Adoptive immunotherapy with Tregs is a promising approach for prevention or treatment of type 1 diabetes. Islet antigen-specific Tregs have more potent therapeutic effects than polyclonal cells, but their low frequency is a barrier for clinical application. To generate Tregs that recognize islet antigens, we engineered a chimeric antigen receptor (CAR) derived from a monoclonal antibody with specificity for the insulin B-chain 10-23 peptide presented in the context of the IA MHC class II allele present in NOD mice. Peptide specificity of the resulting InsB-g7 CAR was confirmed by tetramer staining and T cell proliferation in response to recombinant or islet-derived peptide. The InsB-g7 CAR re-directed NOD Treg specificity such that insulin B 10-23-peptide stimulation enhanced suppressive function, measured via reduction of proliferation and IL-2 production by BDC2.5 T cells and CD80 and CD86 expression on dendritic cells. Co-transfer of InsB-g7 CAR Tregs prevented adoptive transfer diabetes by BDC2.5 T cells in immunodeficient NOD mice. In wild type NOD mice, InsB-g7 CAR Tregs stably expressed Foxp3 and prevented spontaneous diabetes. These results show that engineering Treg specificity for islet antigens using a T cell receptor-like CAR is a promising new therapeutic approach for the prevention of autoimmune diabetes.
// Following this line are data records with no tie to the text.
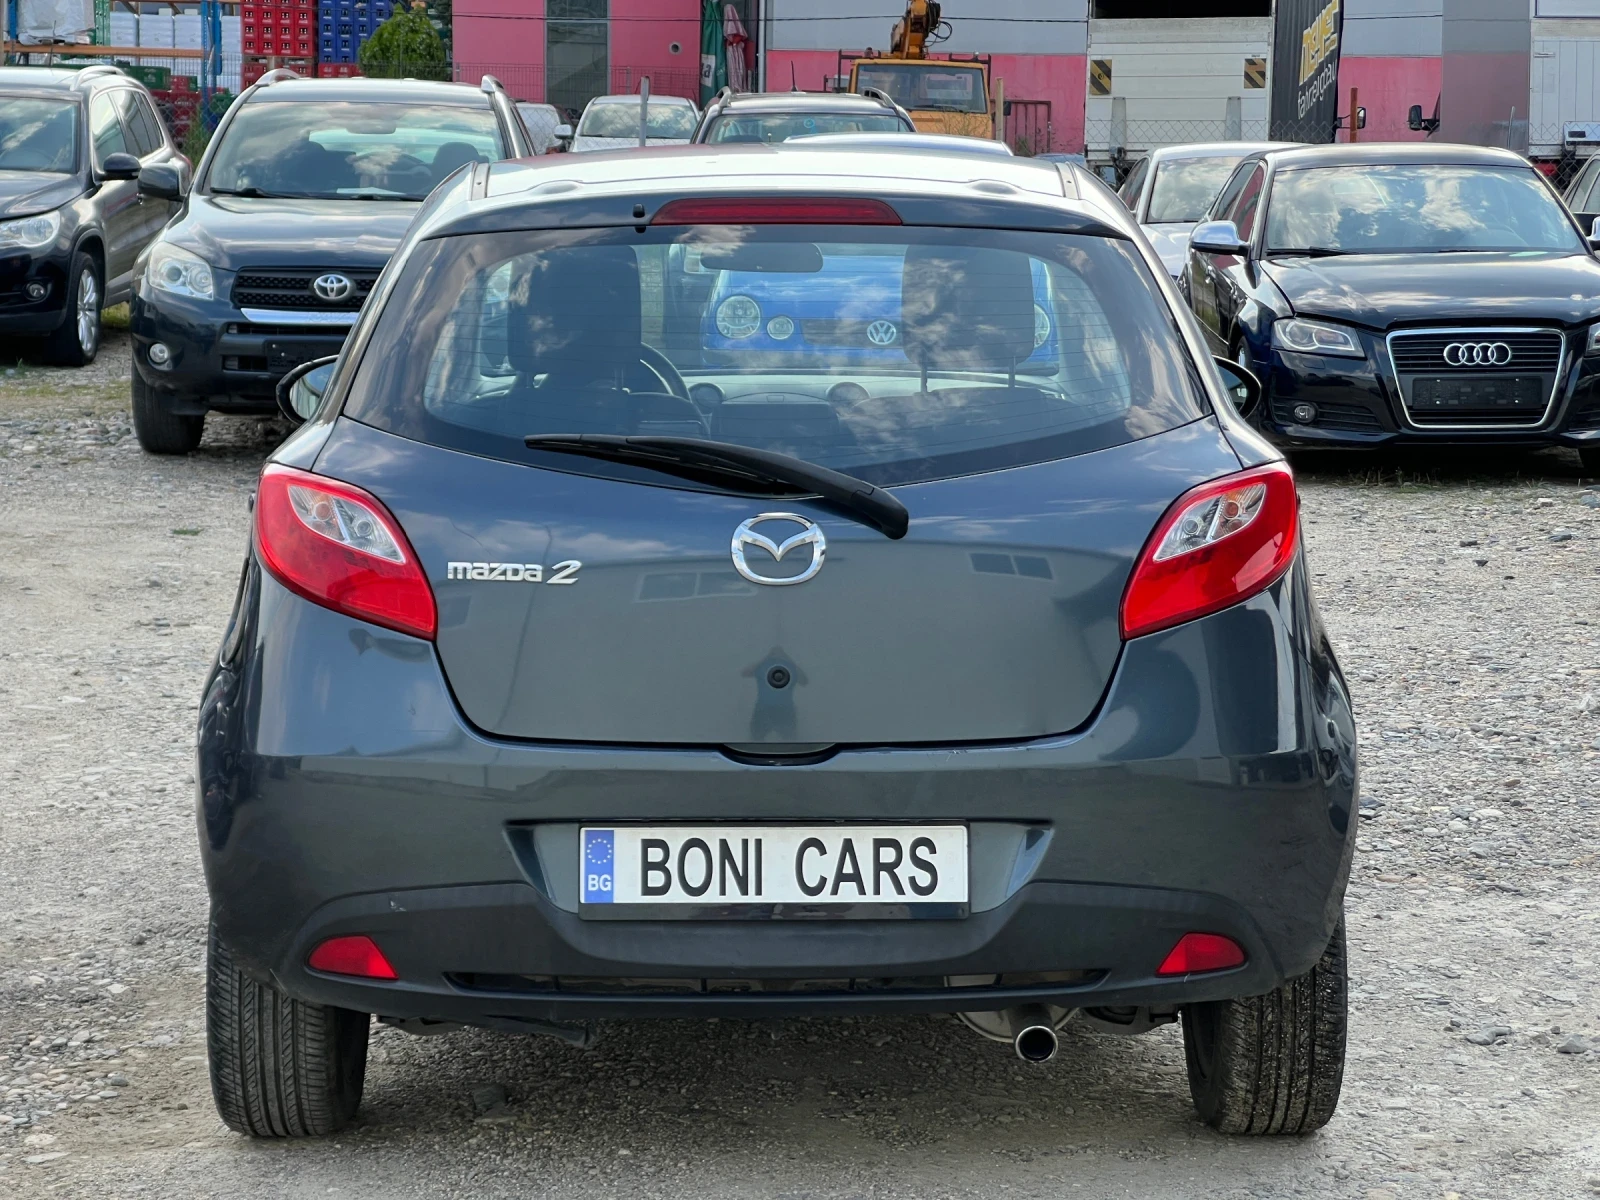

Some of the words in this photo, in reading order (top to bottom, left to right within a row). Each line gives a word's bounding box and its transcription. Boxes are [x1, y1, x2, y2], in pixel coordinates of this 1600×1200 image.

[447, 561, 543, 582] mazda
[546, 560, 582, 584] 2
[640, 837, 763, 897] BONI
[795, 836, 939, 897] CARS
[587, 874, 612, 892] BG
Chimeric antigen receptor Tregs specific for an insulin B-chain peptide presented by MHC class II prevent autoimmune diabetes.
用调节性T细胞(Tregs)进行过继性免疫疗法是预防或治疗1型糖尿病的一种有前景的方法。胰岛抗原特异性Tregs比多克隆细胞具有更强的治疗效果,但其低频率是临床应用的一个障碍。为了产生识别胰岛抗原的Tregs,我们构建了一种嵌合抗原受体(CAR),该受体源自一种单克隆抗体,对在非肥胖糖尿病(NOD)小鼠中存在的IA MHC II类等位基因背景下呈递的胰岛素B链10 - 23肽具有特异性。通过四聚体染色以及对重组或胰岛来源肽的T细胞增殖反应,证实了所得InsB - g7 CAR的肽特异性。InsB - g7 CAR重新定向了NOD Treg的特异性,使得胰岛素B 10 - 23肽刺激增强了抑制功能,这通过BDC2.5 T细胞增殖和IL - 2产生的减少以及树突状细胞上CD80和CD86表达的降低来衡量。InsB - g7 CAR Tregs的共转移预防了免疫缺陷NOD小鼠中BDC2.5 T细胞的过继性转移糖尿病。在野生型NOD小鼠中,InsB - g7 CAR Tregs稳定表达Foxp3并预防了自发性糖尿病。这些结果表明,使用类似T细胞受体的CAR对胰岛抗原进行Treg特异性工程改造是预防自身免疫性糖尿病的一种有前景的新治疗方法。
对II类MHC呈递的胰岛素B链肽具有特异性的嵌合抗原受体Tregs预防自身免疫性糖尿病。